Mijares said the discovery underscores the significance of the Philippines in human evolutionary research.

“The discovery adds a new member to the genus Homo and makes Southeast Asia an important evolutionary region,” he said. “It also raised more questions to answer such as its lineage, how and when it reached Luzon island.”

National Museum director Jeremy Barns described the discovery as a major event in the history of science in the Philippines.

“This is a gamechanger that everyone must take note of – that the Philippines is put on the map,” he said. “Our sites are deserving of higher importance and that’s a testament to the efforts of our archaeologists throughout the decades, to really promote awareness and acknowledge the importance of Philippine sites.”

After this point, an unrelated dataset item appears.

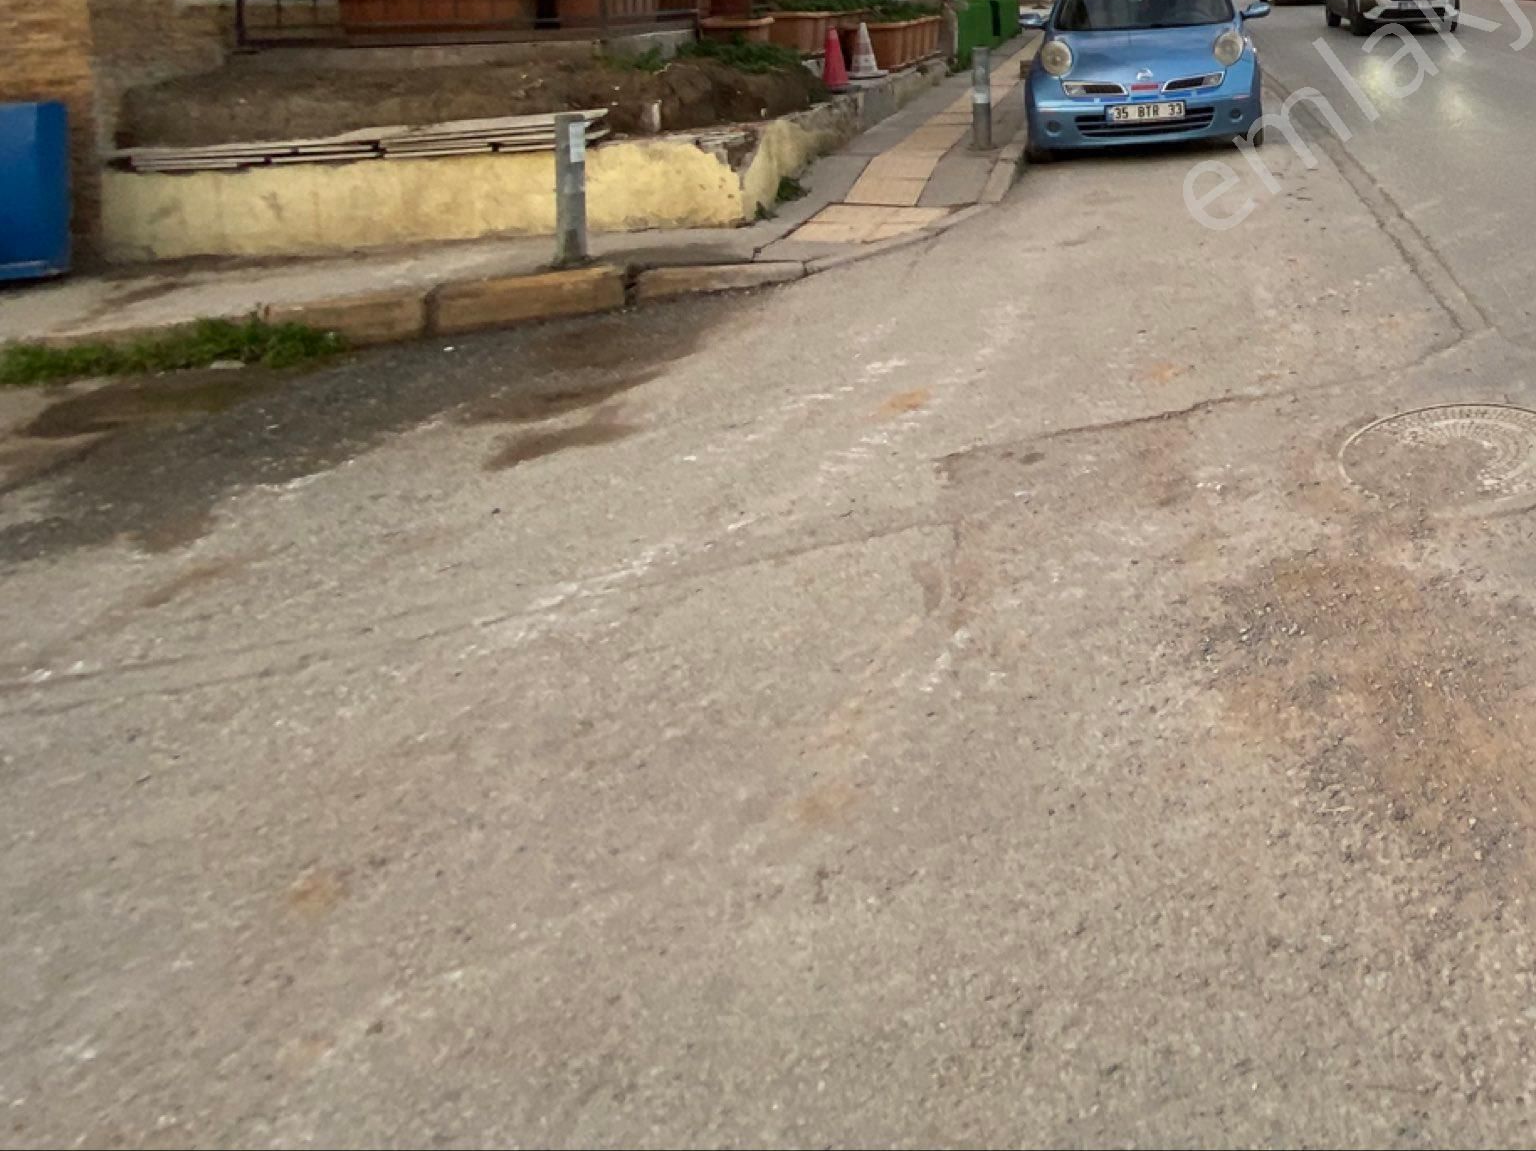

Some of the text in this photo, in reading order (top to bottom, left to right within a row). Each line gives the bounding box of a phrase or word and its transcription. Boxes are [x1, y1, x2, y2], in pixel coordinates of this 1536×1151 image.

In addition to the UP Archaeological Studies Program, the National Museum of the Philippines and the French National Museum of Natural History, also involved in the research were the Université de Poiters, Université Toulouse and Université de Bordeaux in France; and the Griffith University and Australian National University in Australia.

Oldest human remains

Researchers said the specimens were recovered three meters below the current cave floor.

They are believed to be part of the remains of prehistoric humans that were washed into the cave before being fossilized.

Dating of the fossils determined them to be 50,000 to 67,000 years old, making them the earliest human remains to be discovered in the Philippines so far.

They predate the remains of the so-called Tabon Man discovered in Palawan, which belong to the species of modern humans who lived around 30,000 to 40,000 years ago.

According to the researchers, analysis of the bone and tooth samples of Homo luzonensis revealed a combination of characteristics that belong to both old and new hominid species.

“The mosaic of structural traits clearly distinguishes it from other species of the genus Homo, especially from the contemporary species known in Southeast Asia such as Homo sapiens and Homo floresiensis,” said the researchers, respectively referring to species of modern humans and another species discovered in Indonesia in 2004.

“For instance, the upper molars of Homo luzonensis more closely resemble those of Homo sapiens than other Late Pleistocene homonin species, but the molars of the new species are still much smaller. Because of their extremely small size and simplified crown morphology, they also vary remarkably from those of Asian Homo erectus and Denisovan hominins,” they added.

Mijares said the Homo luzonensis appears to be a “dead-end” species, meaning there is no indication that they evolved further as to have descendants who are still alive today.

More questions

He said more research is needed to answer questions raised by the new discovery, including where they came from, when they arrived, the extent of their presence and how they died out.

Mijares did not rule out the possibility that Homo luzonensis settled in Luzon hundreds of thousands of years before the estimated date of the fossils.

Last year, a separate research described stone tools and butchered animal fossils, discovered in nearby Kalinga, that established the presence of prehistoric humans in the Philippines by as early as 709,000 years ago.

Mijares said the Homo luzonensis could be the same toolmakers described in the research, although they have yet to discover actual tools used by the new species.

The archaeologist likewise underscored the need to establish when modern humans arrived in Luzon, noting there are still a lot of “blank spaces” in understanding the evolutionary history in the Philippines.

Mijares said the Homo luzonensis fossils will later be turned over to the National Museum and is expected to be exhibited in the Museum of Natural History.